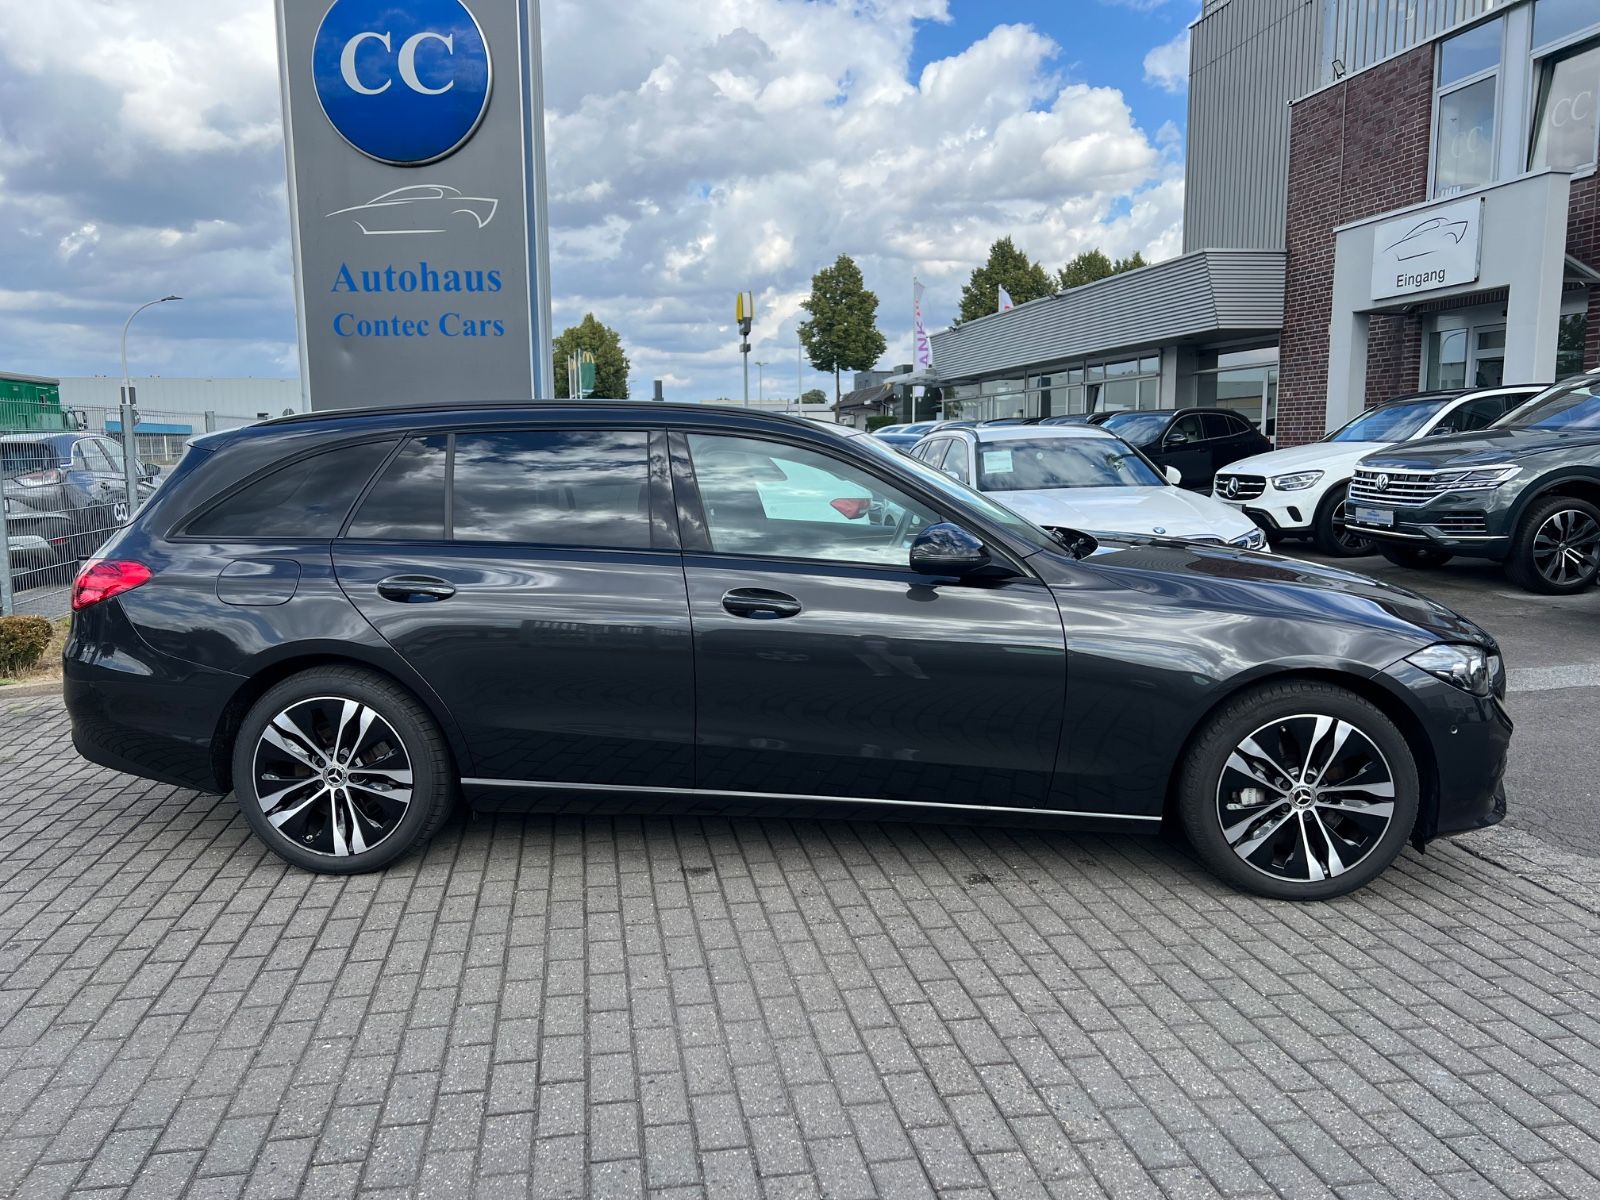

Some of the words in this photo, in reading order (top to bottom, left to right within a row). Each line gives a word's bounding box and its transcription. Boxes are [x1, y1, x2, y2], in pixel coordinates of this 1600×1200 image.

[340, 31, 454, 95] CC
[1551, 91, 1592, 128] CC
[330, 261, 503, 293] Autohaus
[1396, 268, 1446, 288] Eingang
[333, 312, 429, 337] Contec
[438, 312, 505, 337] Cars
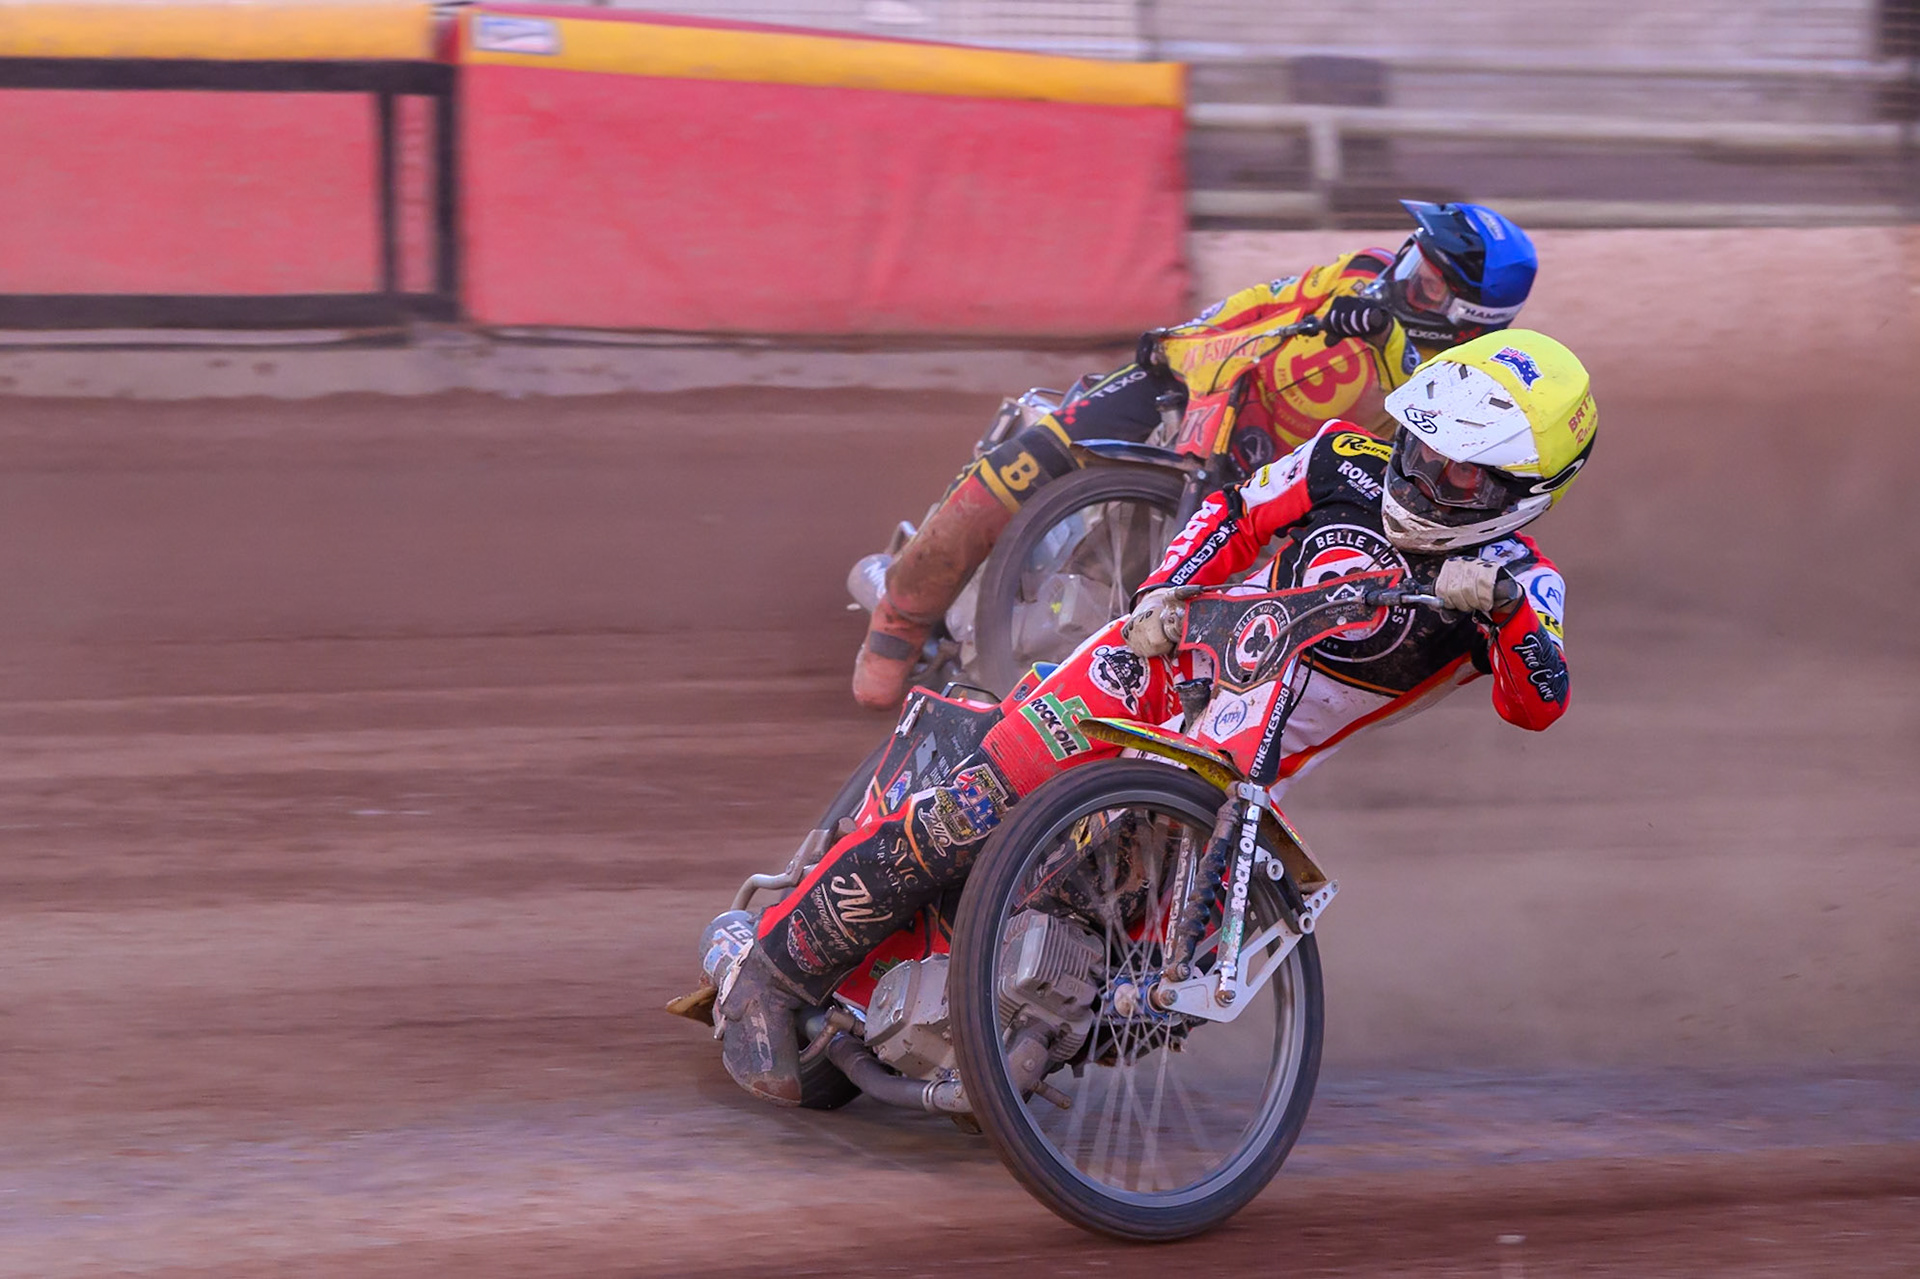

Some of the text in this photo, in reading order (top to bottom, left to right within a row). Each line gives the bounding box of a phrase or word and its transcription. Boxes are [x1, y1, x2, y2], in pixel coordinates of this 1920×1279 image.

[1000, 451, 1040, 491] B
[1337, 460, 1384, 498] ROWE
[1315, 531, 1367, 549] BELLE
[1234, 604, 1287, 638] BELLE VUE ACE
[1513, 633, 1543, 669] Tree
[1529, 668, 1556, 701] Care
[1030, 698, 1079, 757] ROCK OIL
[1231, 822, 1259, 912] ROCK OIL
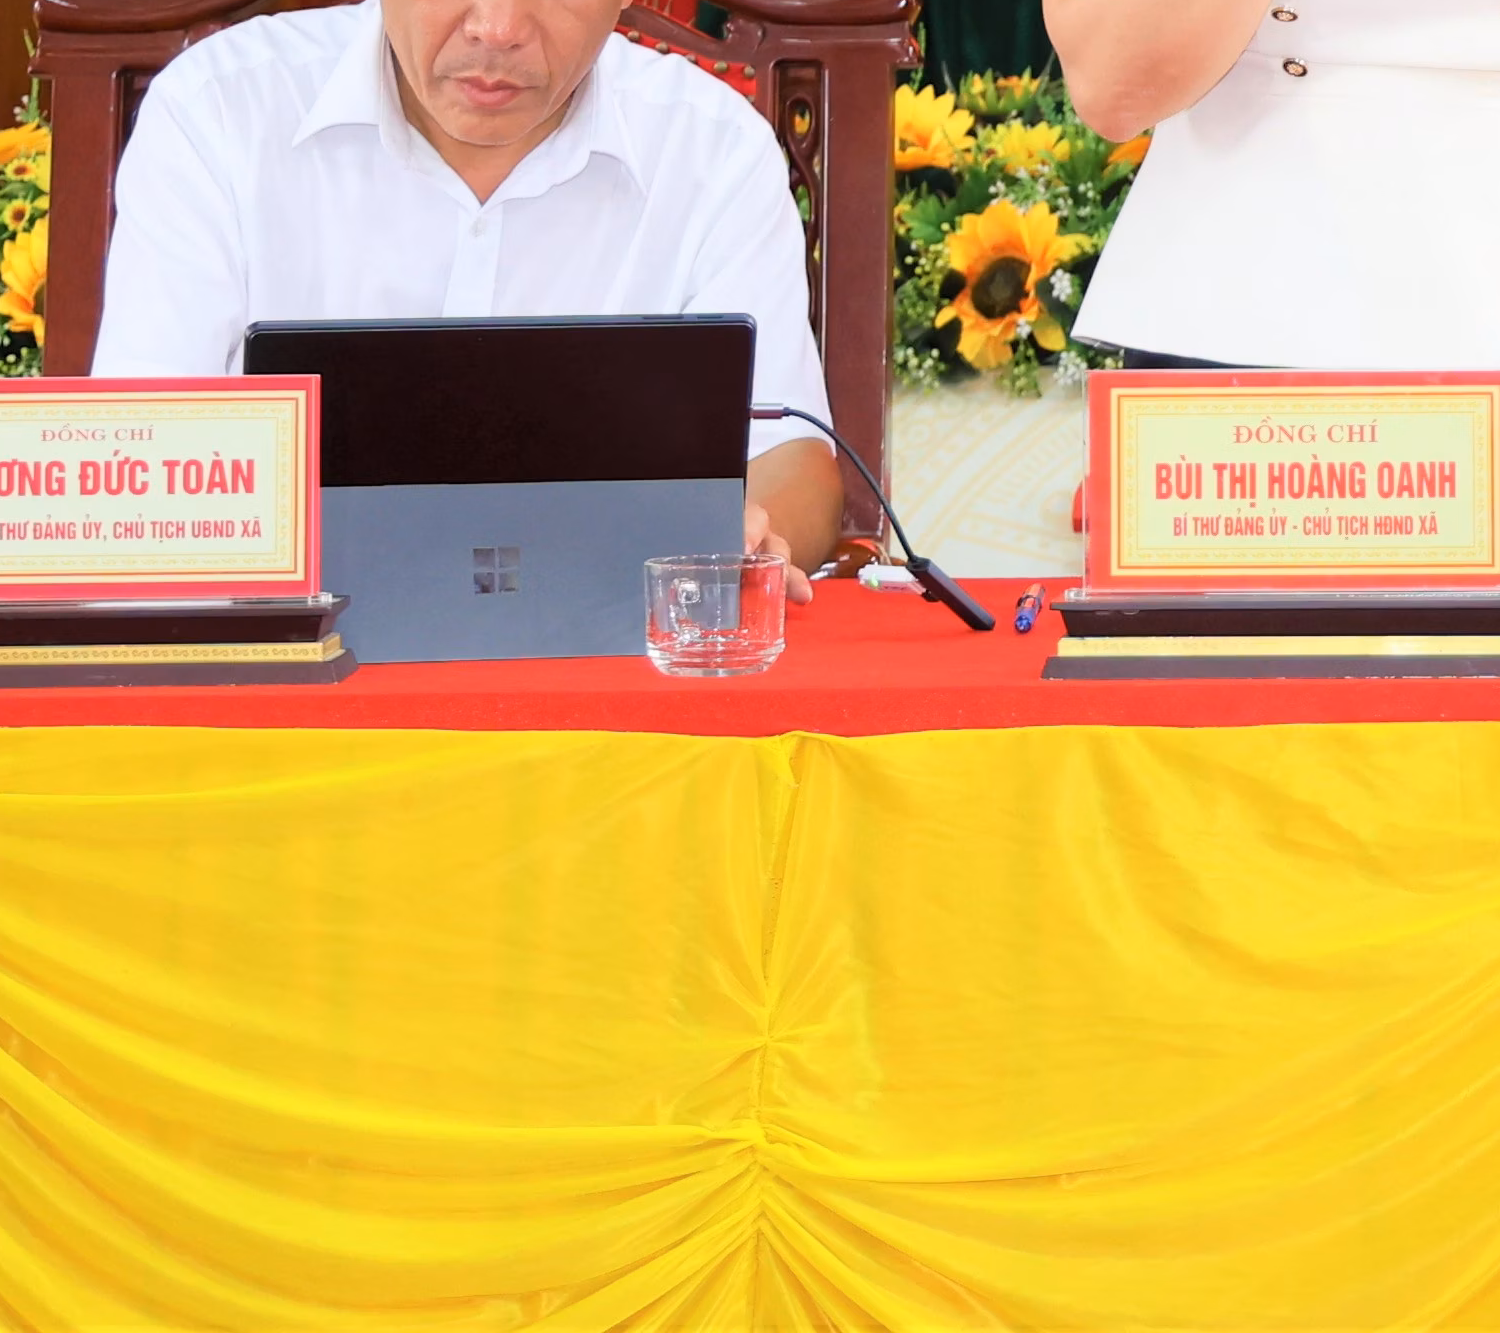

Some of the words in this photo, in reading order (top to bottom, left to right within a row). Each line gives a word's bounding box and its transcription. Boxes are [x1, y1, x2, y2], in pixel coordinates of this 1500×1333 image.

[41, 423, 106, 441] ĐỒNG
[115, 424, 153, 441] CHÍ
[1233, 416, 1317, 443] ĐỒNG
[1327, 420, 1378, 443] CHÍ
[79, 450, 148, 496] ĐỨC
[162, 452, 254, 494] TOÀN
[1155, 455, 1202, 500] BÙI
[1213, 463, 1256, 508] THỊ
[1268, 454, 1366, 499] HOÀNG
[1377, 462, 1456, 498] OANH
[33, 515, 76, 539] ĐẢNG
[83, 514, 107, 542] ỦY,
[113, 514, 144, 539] CHỦ
[152, 521, 185, 543] TỊCH
[192, 520, 235, 538] UBND
[241, 517, 261, 538] XÃ
[1174, 513, 1187, 536] BÍ
[1193, 515, 1221, 536] THƯ
[1224, 508, 1264, 536] ĐẢNG
[1270, 508, 1287, 536] ỦY
[1303, 507, 1331, 536] CHỦ
[1337, 516, 1368, 540] TỊCH
[1374, 516, 1412, 535] HĐND
[1419, 512, 1438, 535] XÃ
-- -- --
Exercise details: Would you print the listing above in full, exactly, but with no pictures?

Task answer:
Some of the words in this photo, in reading order (top to bottom, left to right within a row). Each line gives a word's bounding box and its transcription. Boxes are [x1, y1, x2, y2], in pixel coordinates of this 1600×1200 image.

[340, 31, 454, 95] CC
[1551, 91, 1592, 128] CC
[330, 261, 503, 293] Autohaus
[1396, 268, 1446, 288] Eingang
[333, 312, 429, 337] Contec
[438, 312, 505, 337] Cars

Some of the text in this photo, in reading order (top to bottom, left to right within a row). Each line gives the bounding box of a phrase or word and its transcription. Boxes are [x1, y1, x2, y2], in pixel coordinates of this 1920×1279 image.

[1000, 451, 1040, 491] B
[1337, 460, 1384, 498] ROWE
[1315, 531, 1367, 549] BELLE
[1234, 604, 1287, 638] BELLE VUE ACE
[1513, 633, 1543, 669] Tree
[1529, 668, 1556, 701] Care
[1030, 698, 1079, 757] ROCK OIL
[1231, 822, 1259, 912] ROCK OIL

Some of the words in this photo, in reading order (top to bottom, left to right within a row). Each line gives a word's bounding box and its transcription. Boxes are [x1, y1, x2, y2], in pixel coordinates of this 1500×1333 image.

[41, 423, 106, 441] ĐỒNG
[115, 424, 153, 441] CHÍ
[1233, 416, 1317, 443] ĐỒNG
[1327, 420, 1378, 443] CHÍ
[79, 450, 148, 496] ĐỨC
[162, 452, 254, 494] TOÀN
[1155, 455, 1202, 500] BÙI
[1213, 463, 1256, 508] THỊ
[1268, 454, 1366, 499] HOÀNG
[1377, 462, 1456, 498] OANH
[33, 515, 76, 539] ĐẢNG
[83, 514, 107, 542] ỦY,
[113, 514, 144, 539] CHỦ
[152, 521, 185, 543] TỊCH
[192, 520, 235, 538] UBND
[241, 517, 261, 538] XÃ
[1174, 513, 1187, 536] BÍ
[1193, 515, 1221, 536] THƯ
[1224, 508, 1264, 536] ĐẢNG
[1270, 508, 1287, 536] ỦY
[1303, 507, 1331, 536] CHỦ
[1337, 516, 1368, 540] TỊCH
[1374, 516, 1412, 535] HĐND
[1419, 512, 1438, 535] XÃ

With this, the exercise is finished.